» **Try it**: A faithful copy of each record is required, minus the images.

(Text-to-region grounding data)
>>>>

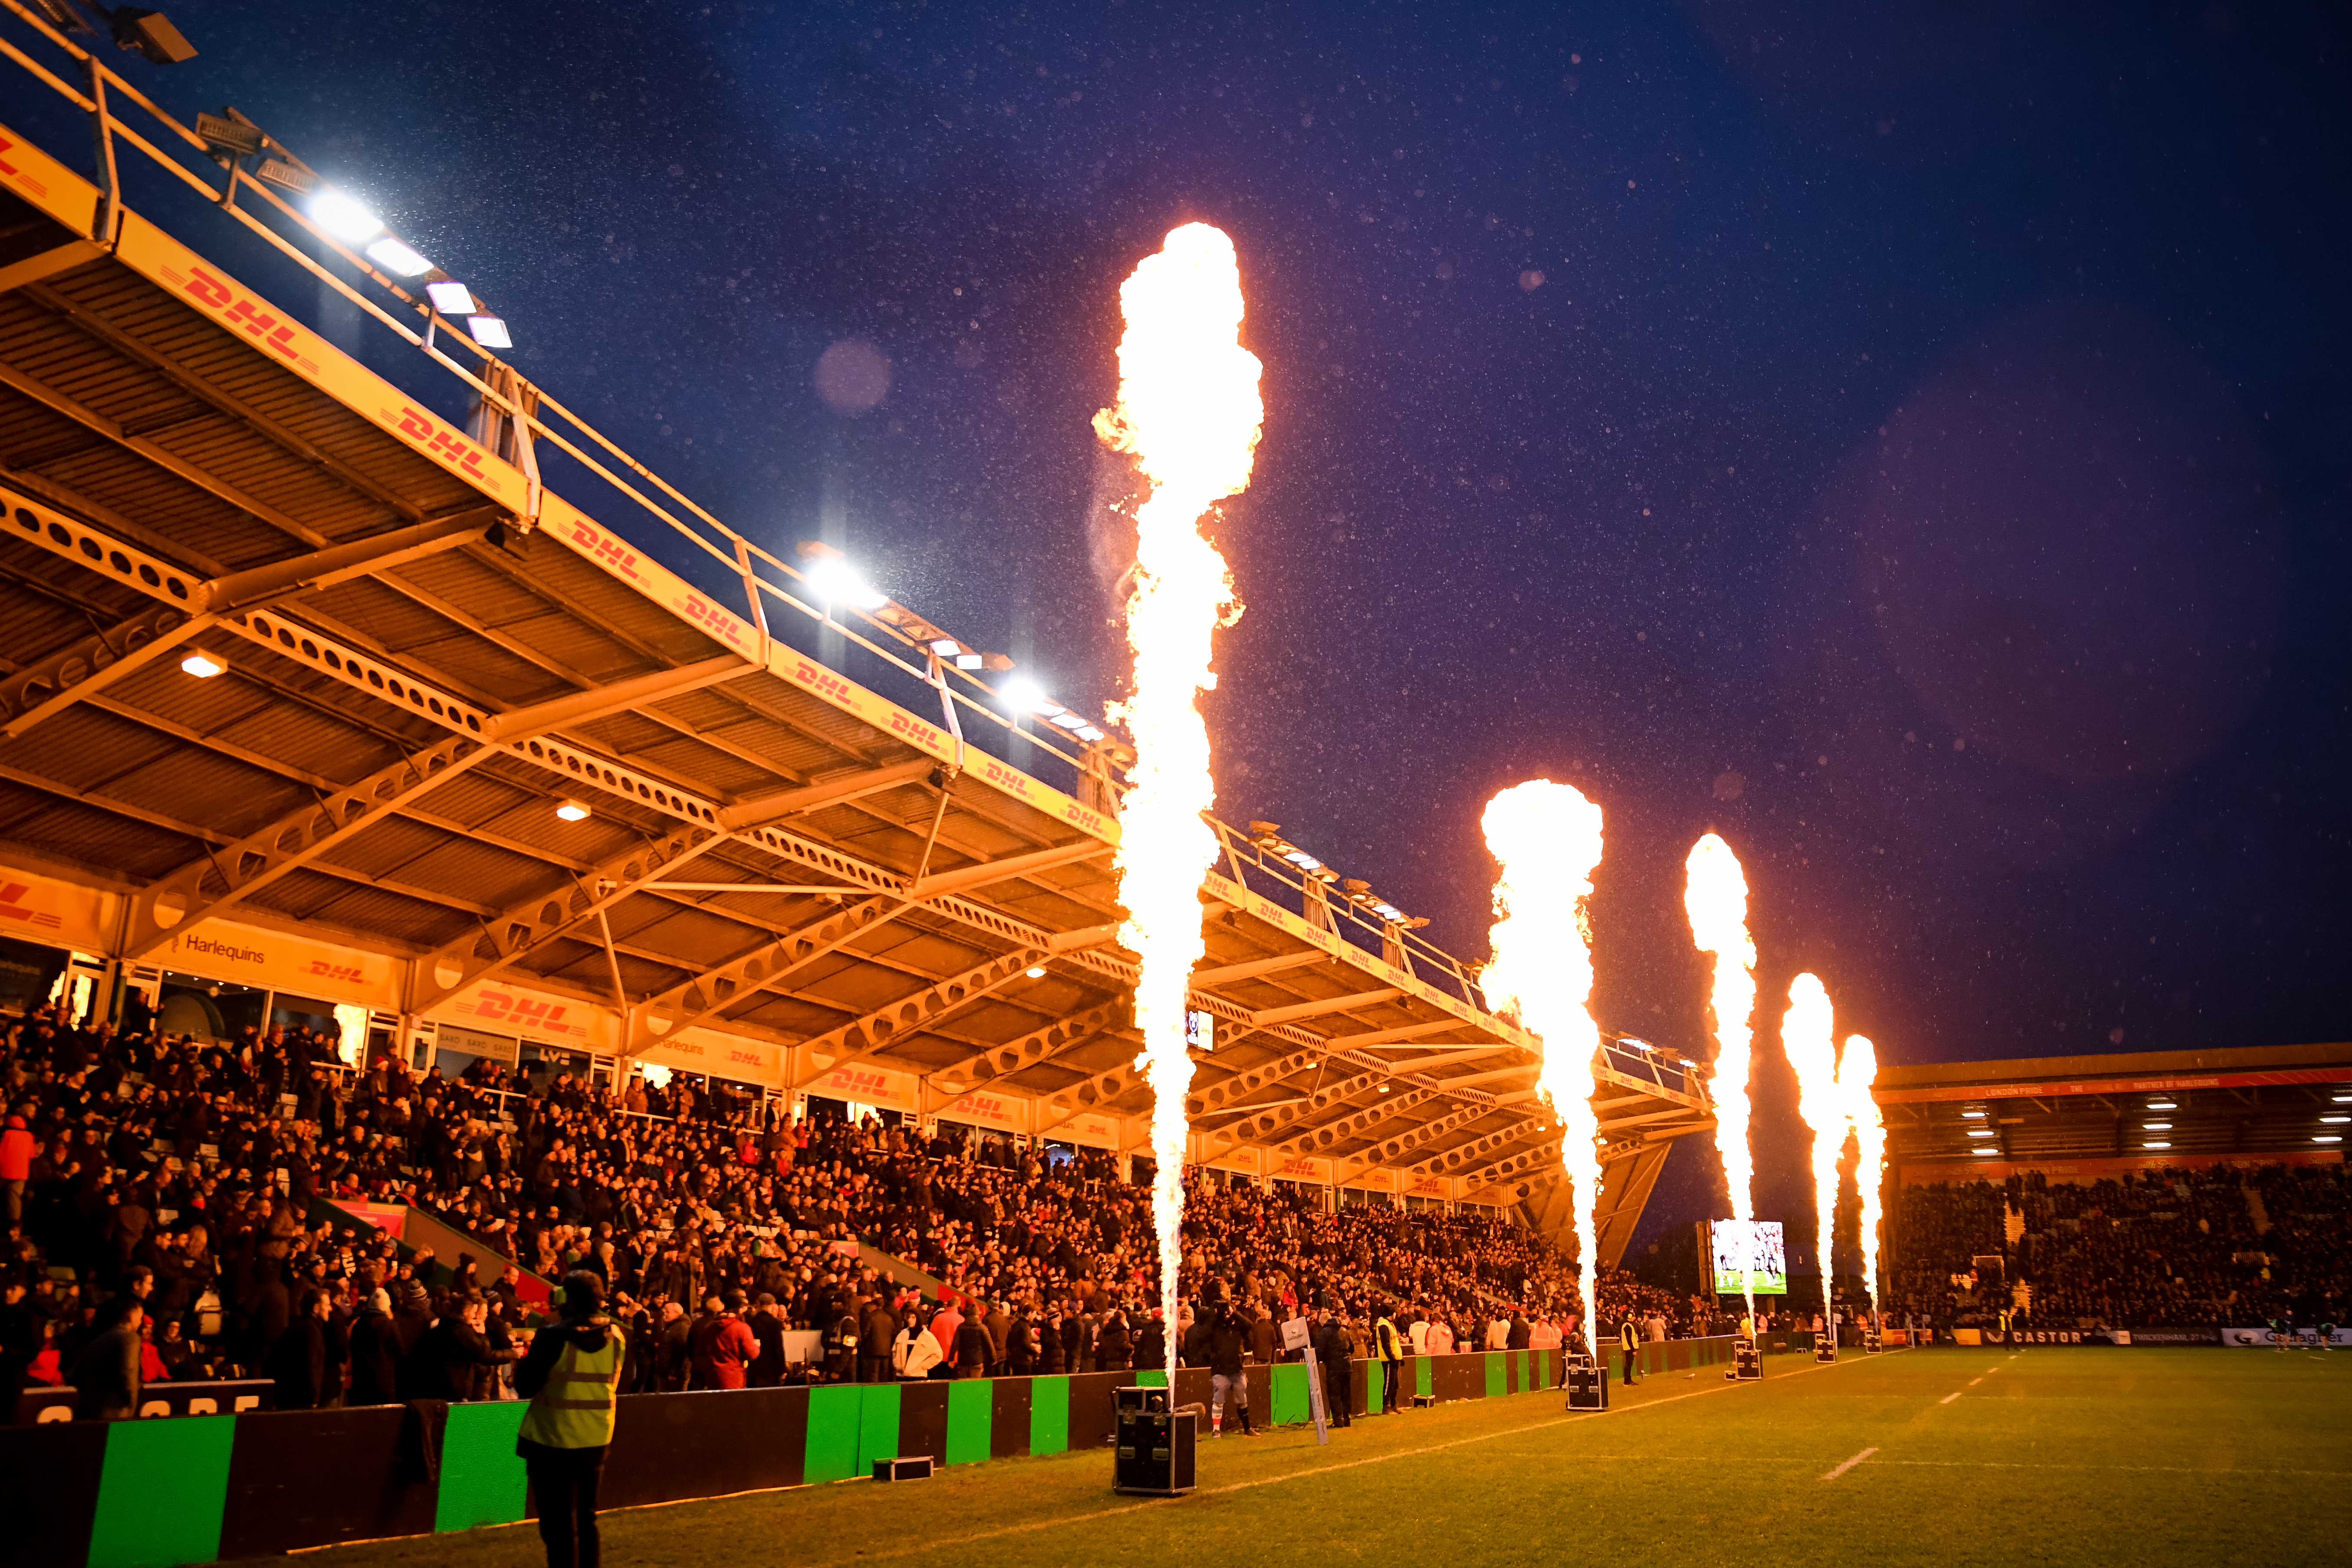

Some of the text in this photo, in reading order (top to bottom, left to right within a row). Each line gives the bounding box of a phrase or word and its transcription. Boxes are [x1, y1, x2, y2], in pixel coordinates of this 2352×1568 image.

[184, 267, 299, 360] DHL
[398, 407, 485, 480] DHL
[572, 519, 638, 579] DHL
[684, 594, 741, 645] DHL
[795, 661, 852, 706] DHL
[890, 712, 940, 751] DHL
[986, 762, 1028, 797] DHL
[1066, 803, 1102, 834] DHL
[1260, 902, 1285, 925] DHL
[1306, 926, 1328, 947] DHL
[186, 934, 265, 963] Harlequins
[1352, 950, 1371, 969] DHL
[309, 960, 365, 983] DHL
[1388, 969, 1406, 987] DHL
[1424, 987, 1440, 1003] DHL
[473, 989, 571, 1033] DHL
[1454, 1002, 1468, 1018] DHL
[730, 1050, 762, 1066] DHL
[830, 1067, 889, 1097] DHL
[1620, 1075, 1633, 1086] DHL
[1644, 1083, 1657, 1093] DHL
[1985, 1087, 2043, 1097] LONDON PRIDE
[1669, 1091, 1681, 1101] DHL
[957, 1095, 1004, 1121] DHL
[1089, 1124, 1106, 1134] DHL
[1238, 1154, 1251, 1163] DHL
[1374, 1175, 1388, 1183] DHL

<<<<

» **Your response**:
Some of the text in this photo, in reading order (top to bottom, left to right within a row). Each line gives the bounding box of a phrase or word and its transcription. Boxes are [x1, y1, x2, y2], in pixel coordinates of this 2352×1568 image.

[184, 267, 299, 360] DHL
[398, 407, 485, 480] DHL
[572, 519, 638, 579] DHL
[684, 594, 741, 645] DHL
[795, 661, 852, 706] DHL
[890, 712, 940, 751] DHL
[986, 762, 1028, 797] DHL
[1066, 803, 1102, 834] DHL
[1260, 902, 1285, 925] DHL
[1306, 926, 1328, 947] DHL
[186, 934, 265, 963] Harlequins
[1352, 950, 1371, 969] DHL
[309, 960, 365, 983] DHL
[1388, 969, 1406, 987] DHL
[1424, 987, 1440, 1003] DHL
[473, 989, 571, 1033] DHL
[1454, 1002, 1468, 1018] DHL
[730, 1050, 762, 1066] DHL
[830, 1067, 889, 1097] DHL
[1620, 1075, 1633, 1086] DHL
[1644, 1083, 1657, 1093] DHL
[1985, 1087, 2043, 1097] LONDON PRIDE
[1669, 1091, 1681, 1101] DHL
[957, 1095, 1004, 1121] DHL
[1089, 1124, 1106, 1134] DHL
[1238, 1154, 1251, 1163] DHL
[1374, 1175, 1388, 1183] DHL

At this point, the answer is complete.